Required action:
Set down a true copy of the data, with all pictures left out.
*** Opening of Entries shown ***
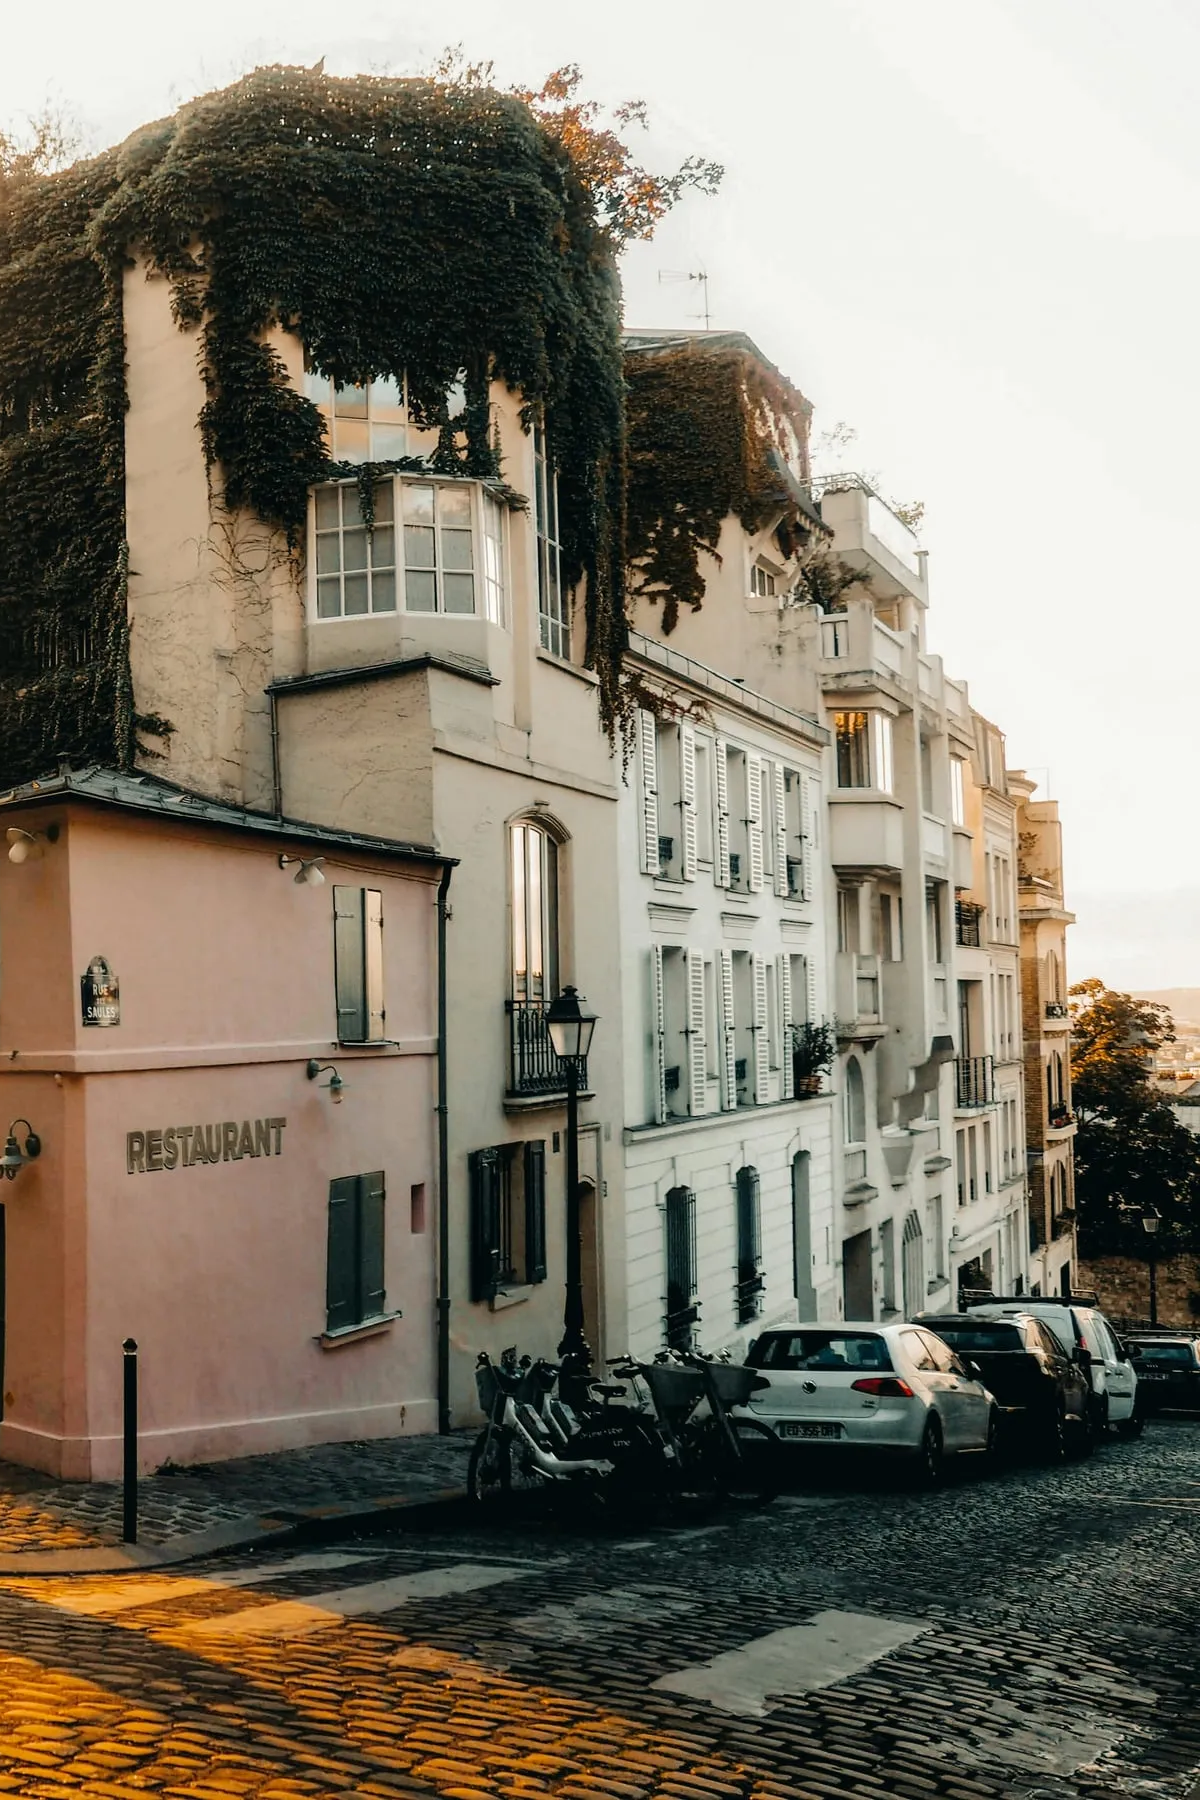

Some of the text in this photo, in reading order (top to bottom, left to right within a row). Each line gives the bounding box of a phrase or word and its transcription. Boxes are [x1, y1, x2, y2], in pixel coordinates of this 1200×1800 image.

[92, 984, 109, 996] RUE
[87, 1006, 116, 1018] SAULES
[127, 1117, 287, 1175] RESTAURANT
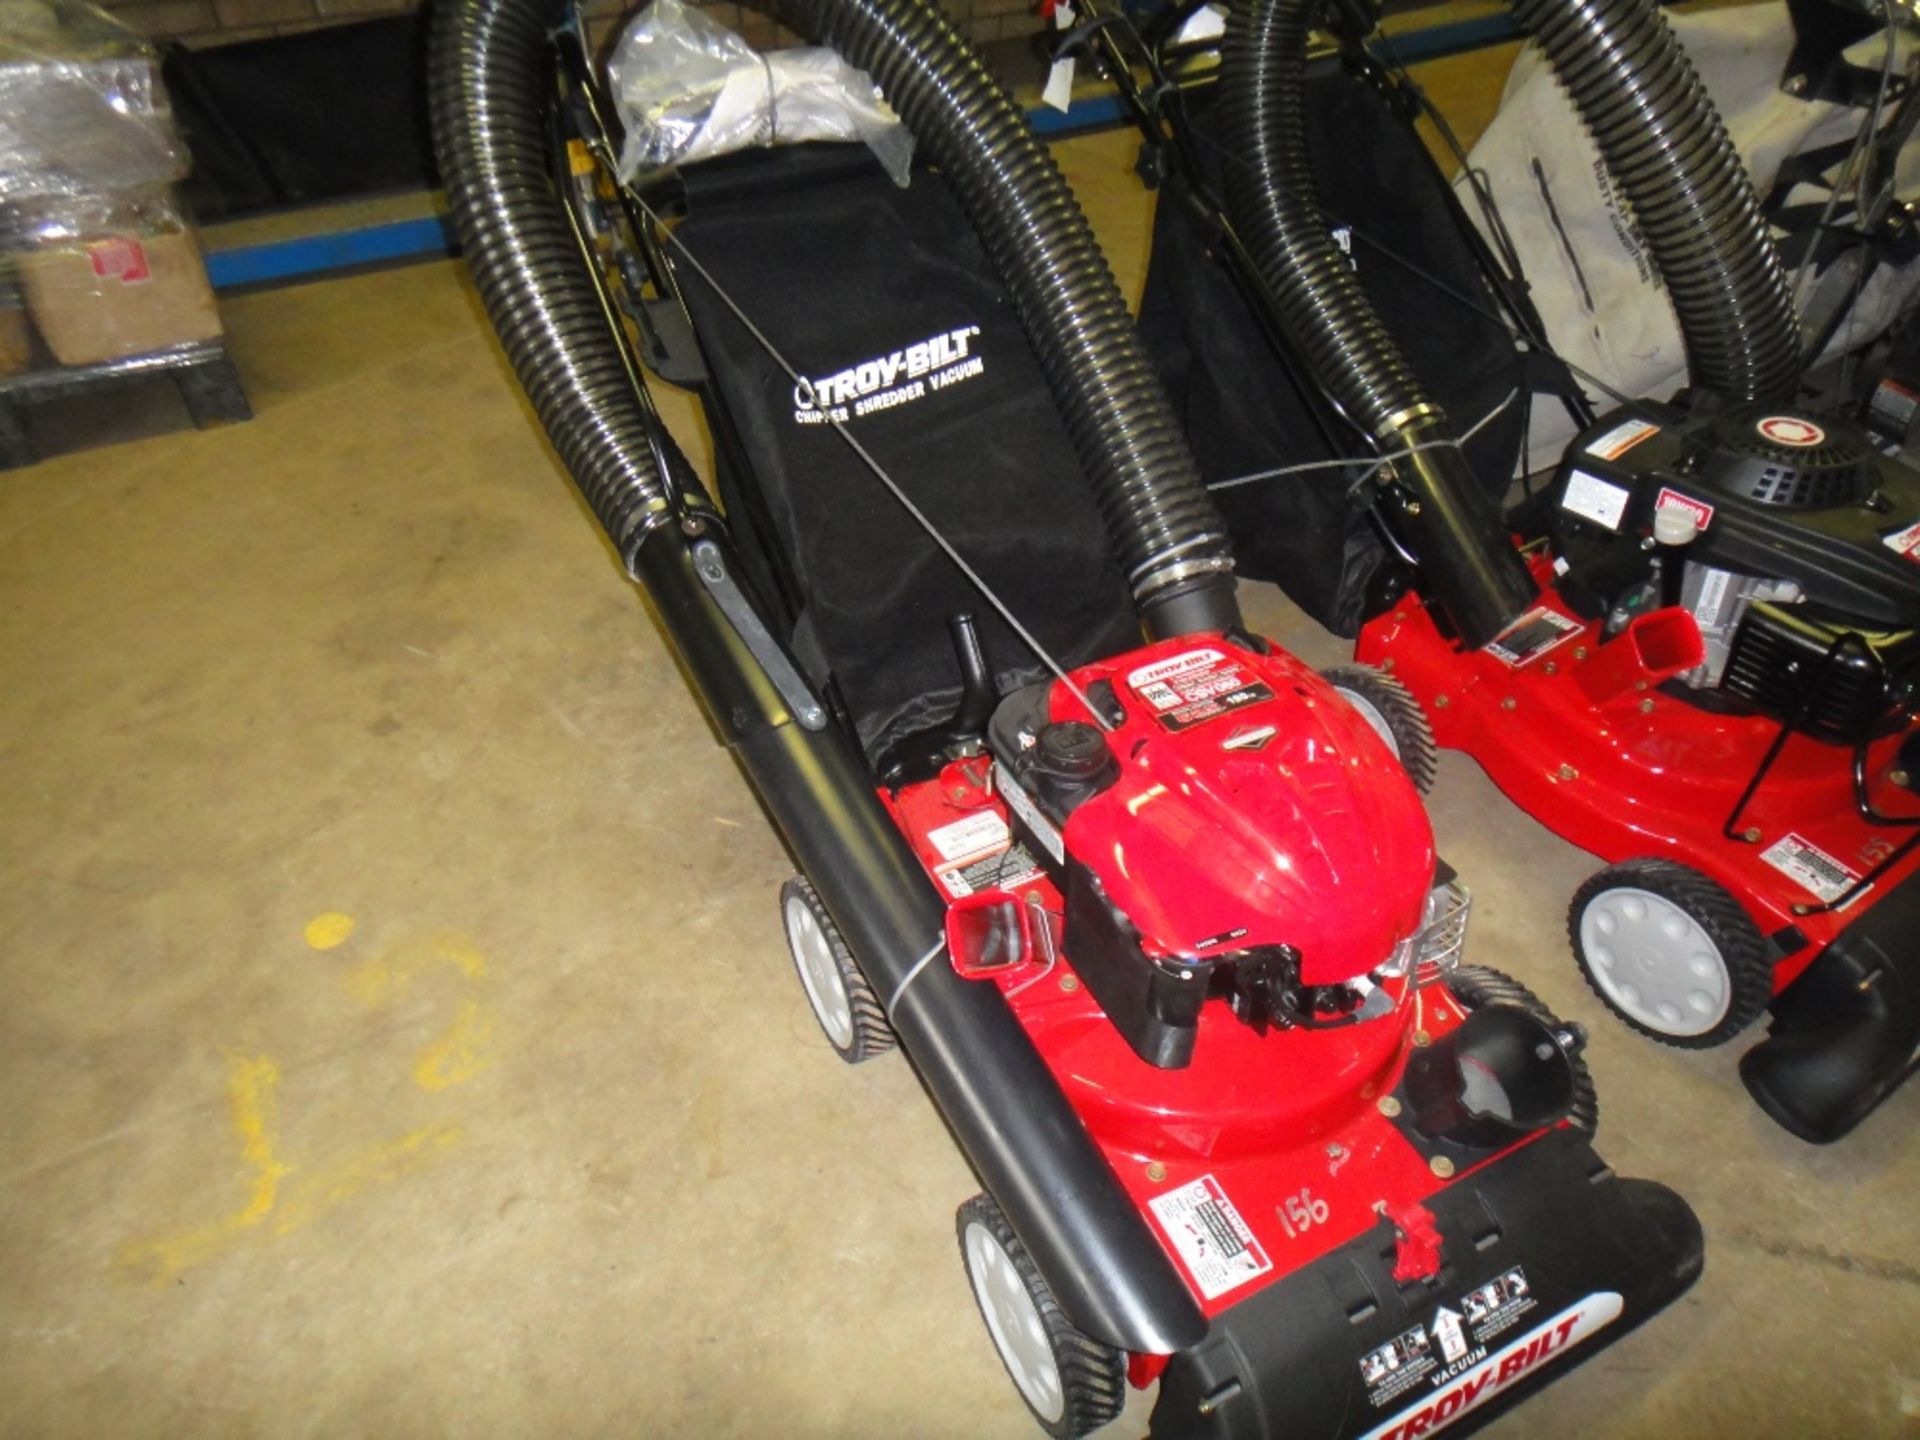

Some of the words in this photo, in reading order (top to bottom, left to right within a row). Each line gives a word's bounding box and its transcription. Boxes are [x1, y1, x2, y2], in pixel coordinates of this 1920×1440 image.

[813, 327, 971, 406] TROY-BILT
[855, 381, 926, 416] SHREDDER
[928, 356, 985, 391] VACUUM
[1275, 1187, 1329, 1239] 156
[1431, 1346, 1488, 1387] VACUUM
*** Close of Entries shown ***
Completed task:
Some of the text in this photo, in reading order (top to bottom, left to right within a row). Each line gives the bounding box of a phrase or word and its transcription. Boxes are [x1, y1, x2, y2], in pixel coordinates of this 1200×1800 image.

[92, 984, 109, 996] RUE
[87, 1006, 116, 1018] SAULES
[127, 1117, 287, 1175] RESTAURANT

Some of the words in this photo, in reading order (top to bottom, left to right within a row). Each line gives a word's bounding box and its transcription. Boxes are [x1, y1, x2, y2], in pixel coordinates of this 1920×1440 image.

[813, 327, 971, 406] TROY-BILT
[855, 381, 926, 416] SHREDDER
[928, 356, 985, 391] VACUUM
[1275, 1187, 1329, 1239] 156
[1431, 1346, 1488, 1387] VACUUM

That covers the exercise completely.